Extractive summaries and key takeaways from the articles curated from TOP TEN BUSINESS MAGAZINES to promote informed business decision-making | Week 299 | June 2-8, 2023.
Cashing Out Excellence
By Robert D. Austin et al., | MIT Sloan Management Review | June 05, 2023
Listen to the Extractive Summary of the Article
Organizations struggle to cope with disruptive events — such as the pandemic and its aftermath, which threw airports and airlines into operational turmoil and caused supply chains to collapse. To manage short-term appearances, leaders and their predecessors had “cashed out” capabilities and allegiances they previously relied on to help them deal with unanticipated changes. It’s a practice, a kind of leadership malaise, that has become too common and too accepted: Values, qualities, and relationships that have been honed over many years and served as the foundation for earlier successes are exchanged for near-term monetary rewards — typically in the form of cost reductions and stock price improvements that prove to be ephemeral.
The authors call this style of short-term leadership performance hacking. Performance hacking is the practice of giving the appearance of effective leadership by delivering on particular metrics, without delivering real performance. It involves companies and their leaders polishing financials through the calculated manipulation of investment planning and cost-cutting measures instead of prioritizing the creation of long-term value. What performance hacking doesn’t deliver is updated facilities and computer systems; investments in product/process research and development; the ability to master or exploit new technologies; or a loyal, capable workforce.
Discouraging performance hacking begins with recognizing when it’s happening. Signs are often apparent to insiders. Some of the indicators are: sudden, unexplained improvements in performance ratios or key results, or trends that seem unrealistically smooth; a degraded customer experience; sudden enthusiasm for outsourcing, or a shift to more transactional people management that downplays the importance of employee expertise; decreased leadership emphasis on the operational characteristics of the business, and fewer leaders with industry expertise; and abandoning “moonshot” development projects.
Boards can be complicit in performance hacking. But at companies with strong, independent governance, boards of directors have a number of tools that allow them to encourage performance that benefits companies and their investors in the long term.
The harm caused by performance hacking goes beyond companies and their employees, customers, and investors, however. If the only way for the market to correct for performance hacking is to let companies implode, the public at large can bear significant collateral damage.
If a business leader like Welch could make performance hacking seem desirable, it should be possible for another high-profile leader (or a group of them) to make investing for the long term seem fashionable again.
3 key takeaways from the article
- Organizations struggle to cope with disruptive events — such as the pandemic and its aftermath.
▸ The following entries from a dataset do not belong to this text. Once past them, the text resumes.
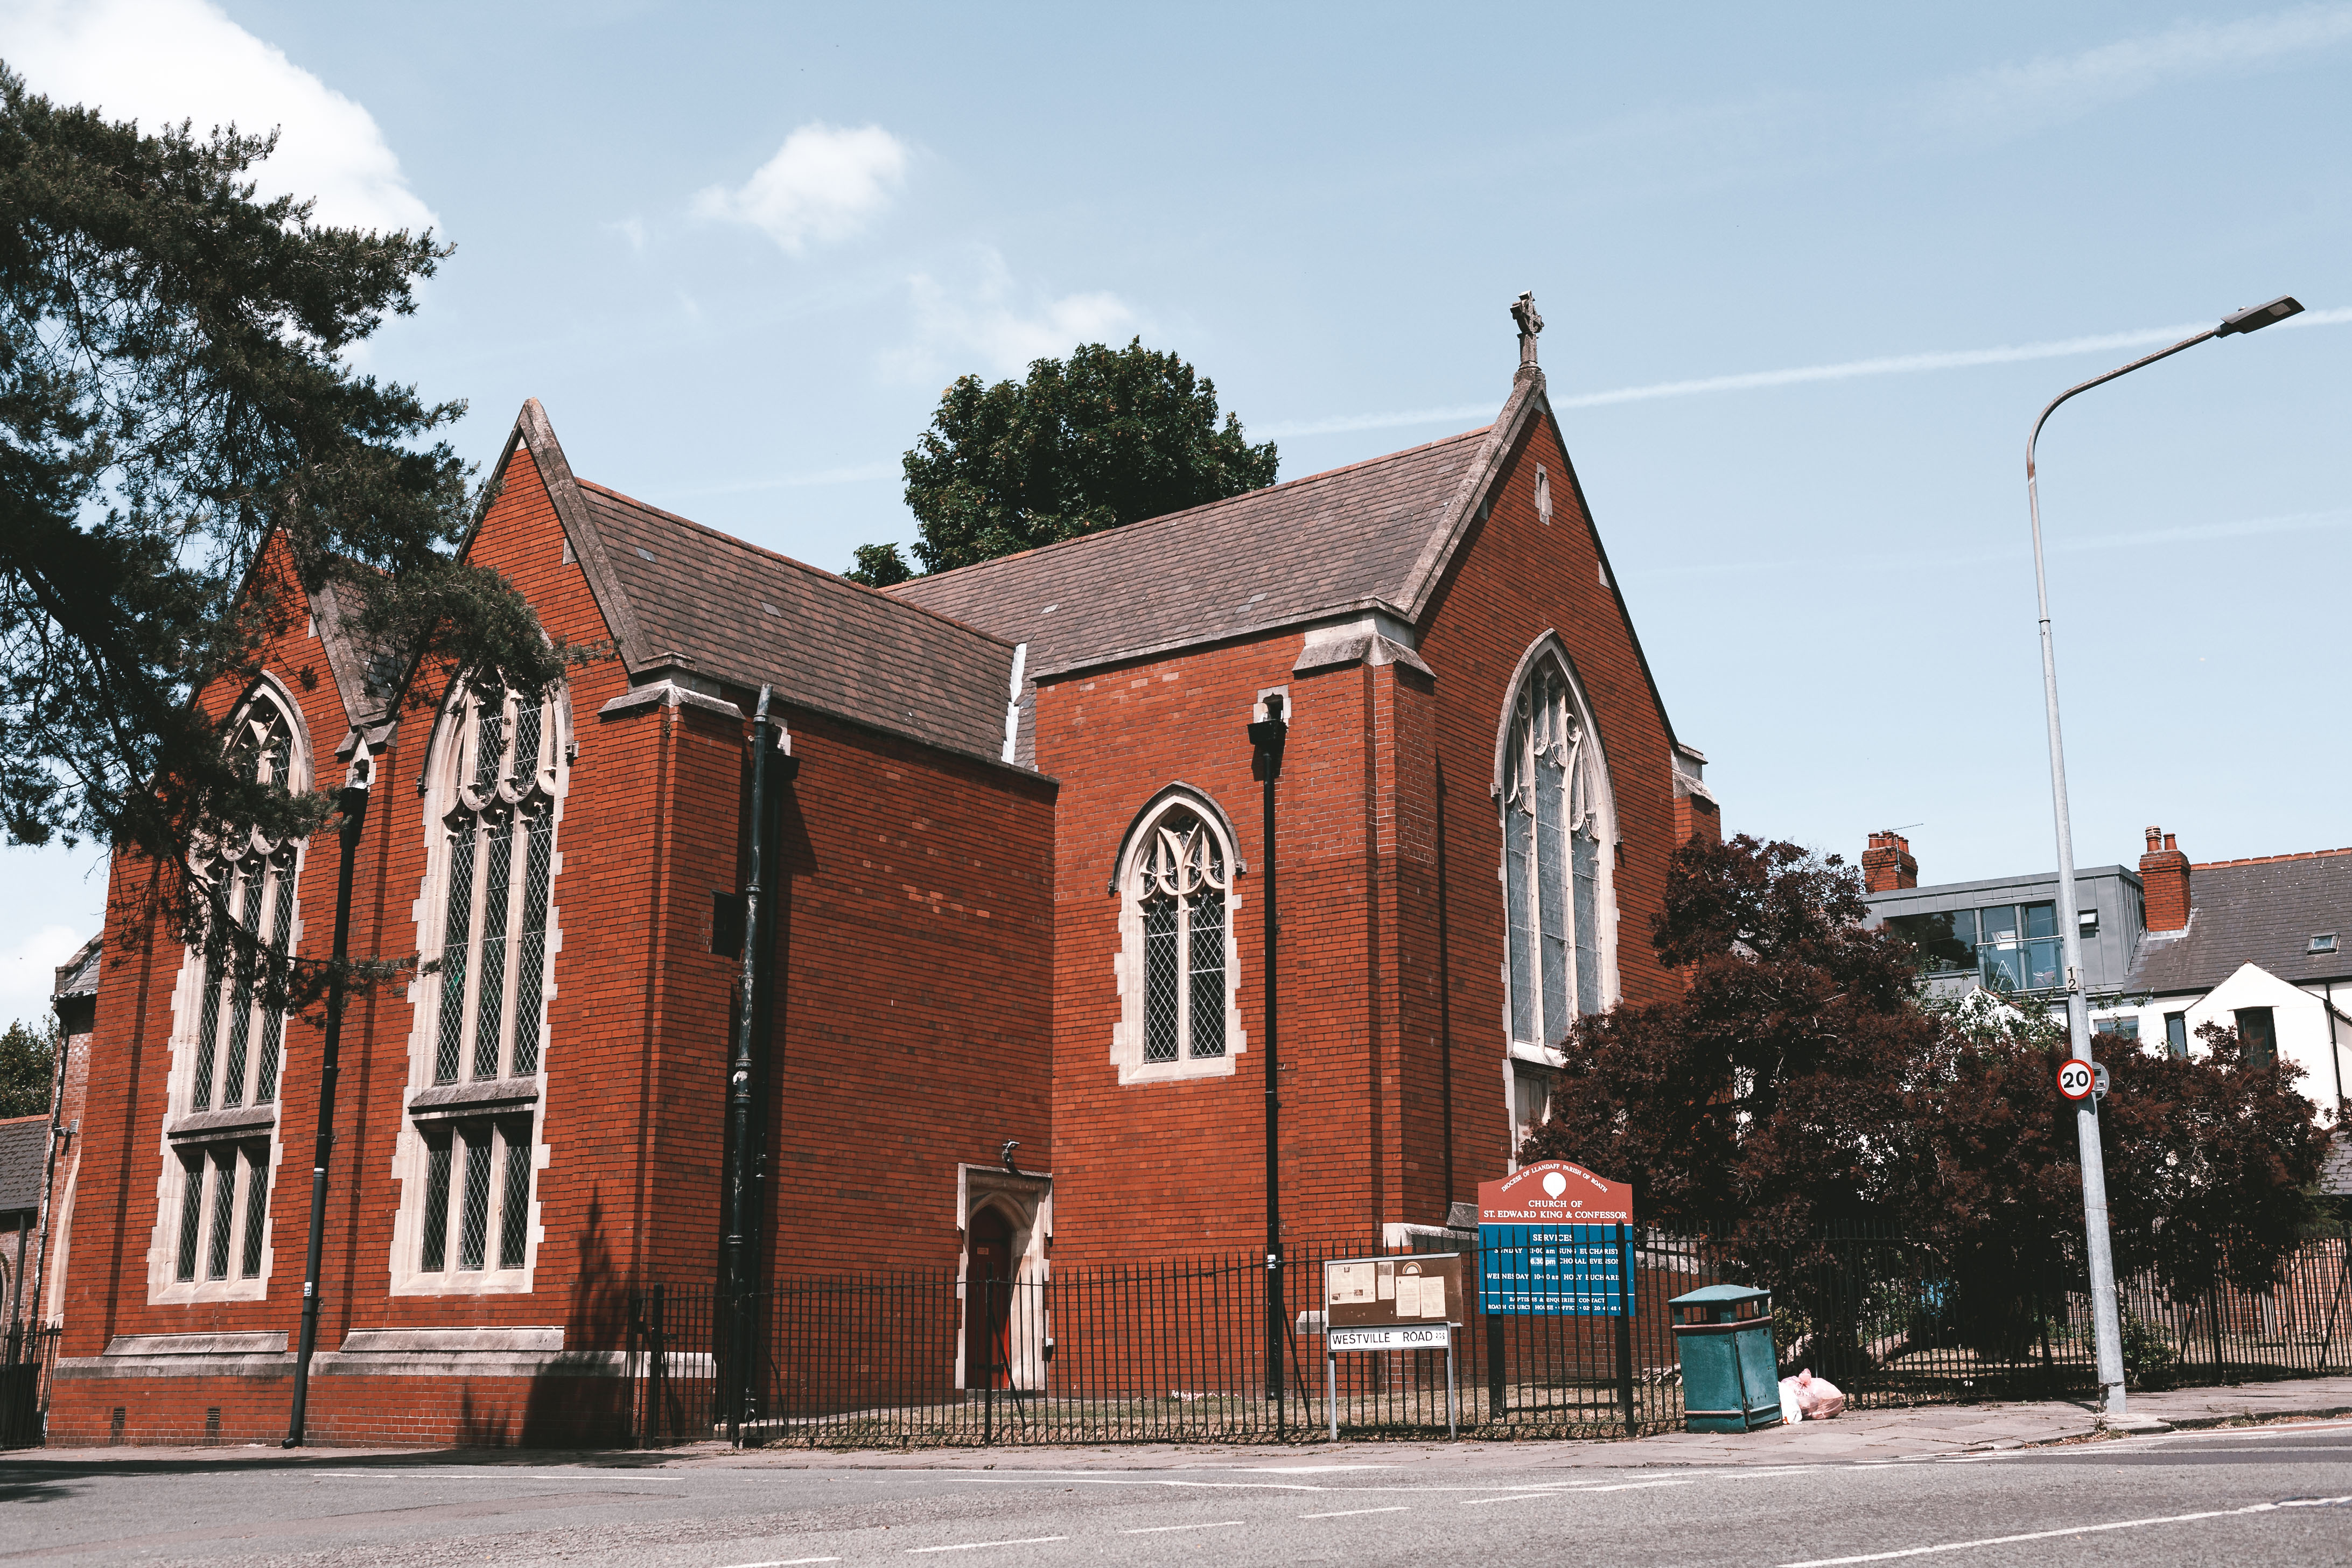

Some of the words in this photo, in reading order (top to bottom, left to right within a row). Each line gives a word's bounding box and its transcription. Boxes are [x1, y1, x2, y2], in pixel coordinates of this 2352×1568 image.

[2062, 1070, 2089, 1088] 20
[1501, 1174, 1523, 1192] DIOCESE
[1522, 1170, 1530, 1178] OF
[1531, 1163, 1560, 1174] LLANDAFF
[1562, 1164, 1582, 1176] PARISH
[1590, 1177, 1608, 1193] ROATH
[1528, 1200, 1567, 1208] CHURCH
[1483, 1210, 1496, 1218] ST.
[1497, 1210, 1537, 1218] EDWARD
[1540, 1210, 1563, 1219] KING
[1574, 1210, 1628, 1219] CONFESSOR
[1532, 1234, 1572, 1242] SERVICES
[1332, 1333, 1390, 1345] WESTVILLE
[1403, 1331, 1433, 1342] ROAD
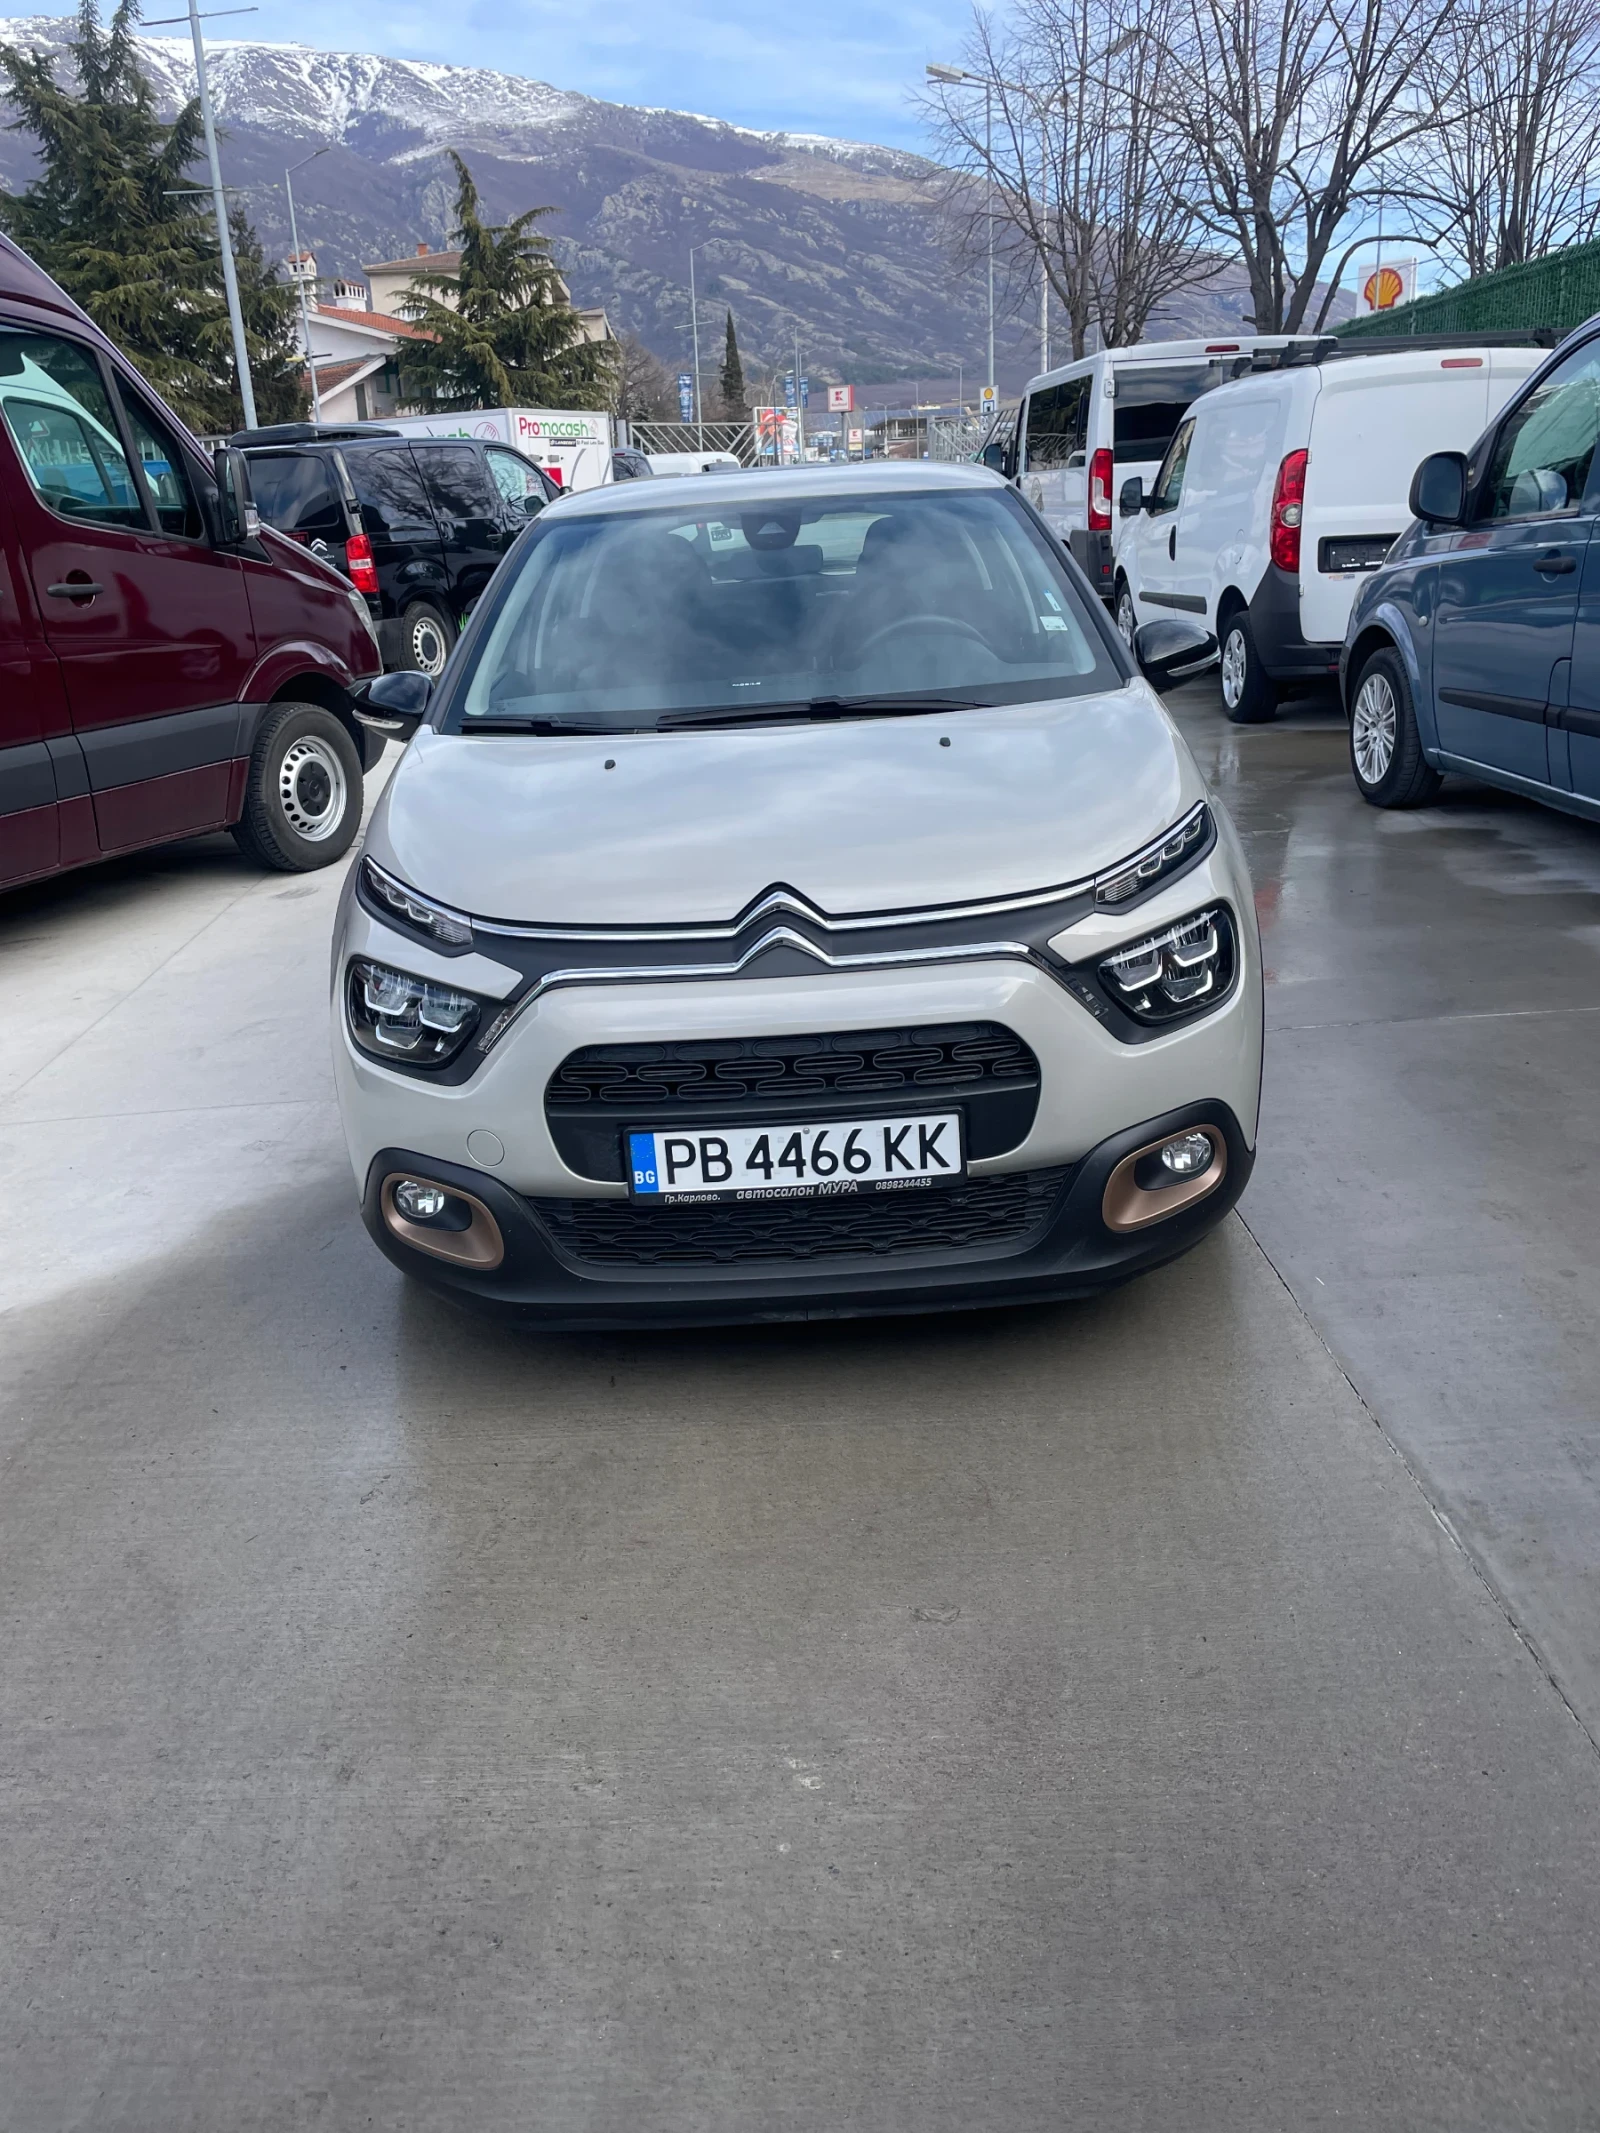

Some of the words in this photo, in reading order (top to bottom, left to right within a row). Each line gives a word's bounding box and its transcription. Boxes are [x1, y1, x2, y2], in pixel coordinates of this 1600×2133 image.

[518, 417, 589, 436] Promocash
[664, 1137, 733, 1185] PB
[745, 1128, 872, 1180] 4466
[883, 1122, 951, 1172] KK
[634, 1171, 656, 1185] BG
[736, 1185, 814, 1199] автосалон
[818, 1181, 858, 1195] МУРА
[875, 1178, 933, 1190] 0898244455
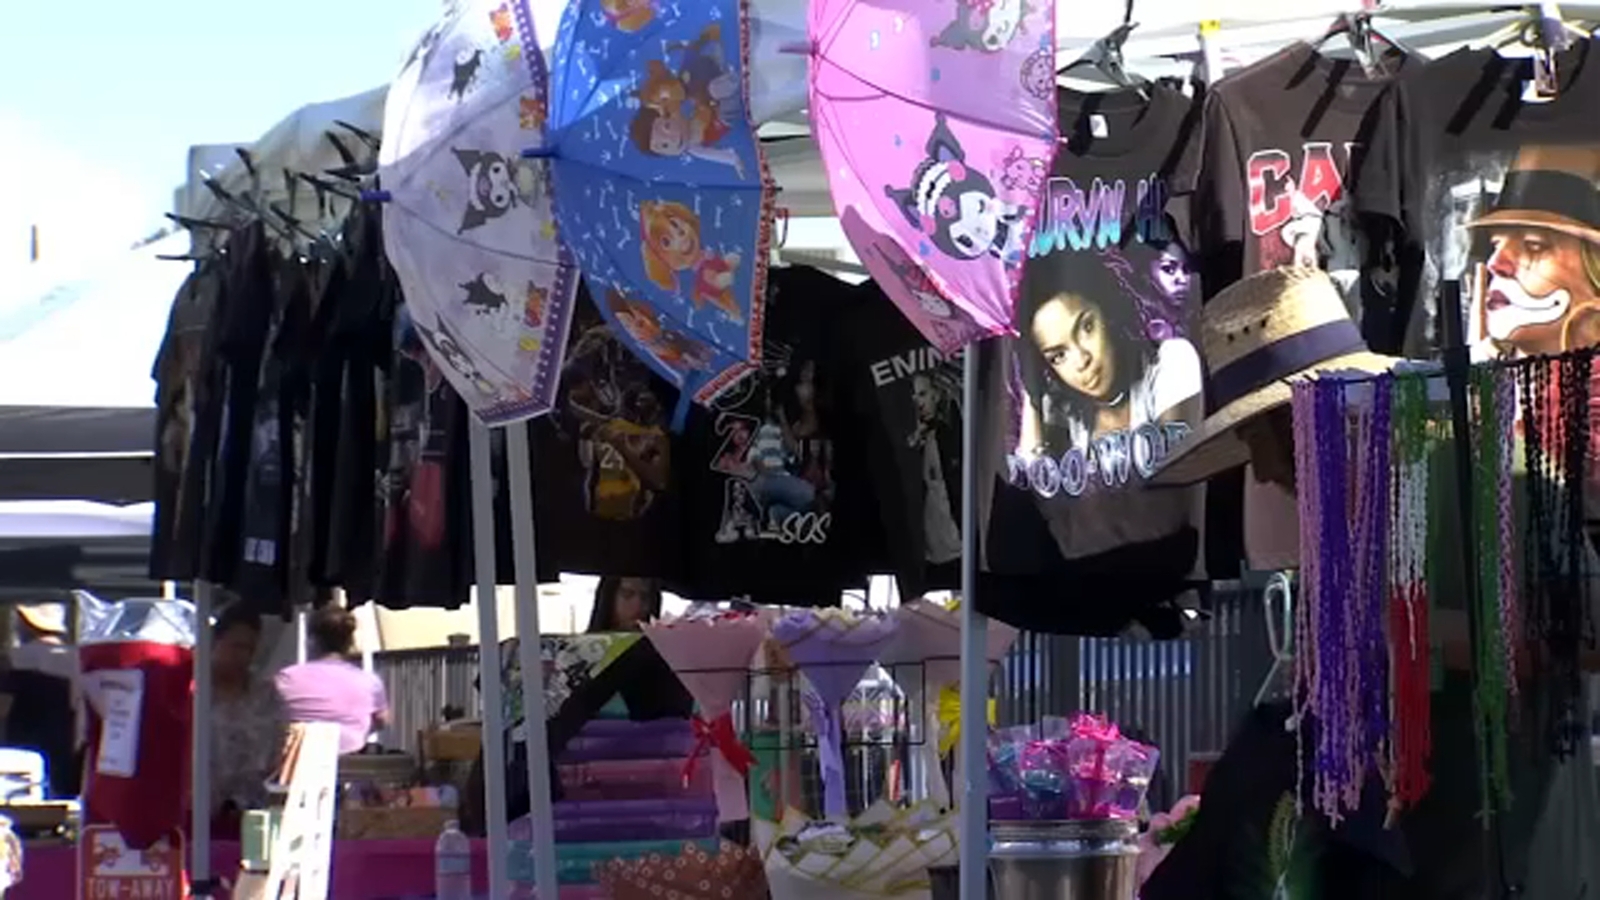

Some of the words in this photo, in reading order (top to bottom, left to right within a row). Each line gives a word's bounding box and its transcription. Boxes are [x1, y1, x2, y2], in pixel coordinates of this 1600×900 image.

To manage short-term appearances, leaders and their predecessors had “cashed out” capabilities and allegiances they previously relied on to help them deal with unanticipated changes. It’s a practice, a kind of leadership malaise, that has become too common and too accepted. Referred as leadership performance hacking.
- Performance hacking involves companies and their leaders polishing financials through the calculated manipulation of investment planning and cost-cutting measures instead of prioritizing the creation of long-term value.
- Some of the indicators of performance hacking are: sudden, unexplained improvements in performance ratios or key results, or trends that seem unrealistically smooth; a degraded customer experience; sudden enthusiasm for outsourcing, or a shift to more transactional people management that downplays the importance of employee expertise; decreased leadership emphasis on the operational characteristics of the business, and fewer leaders with industry expertise; and abandoning “moonshot” development projects.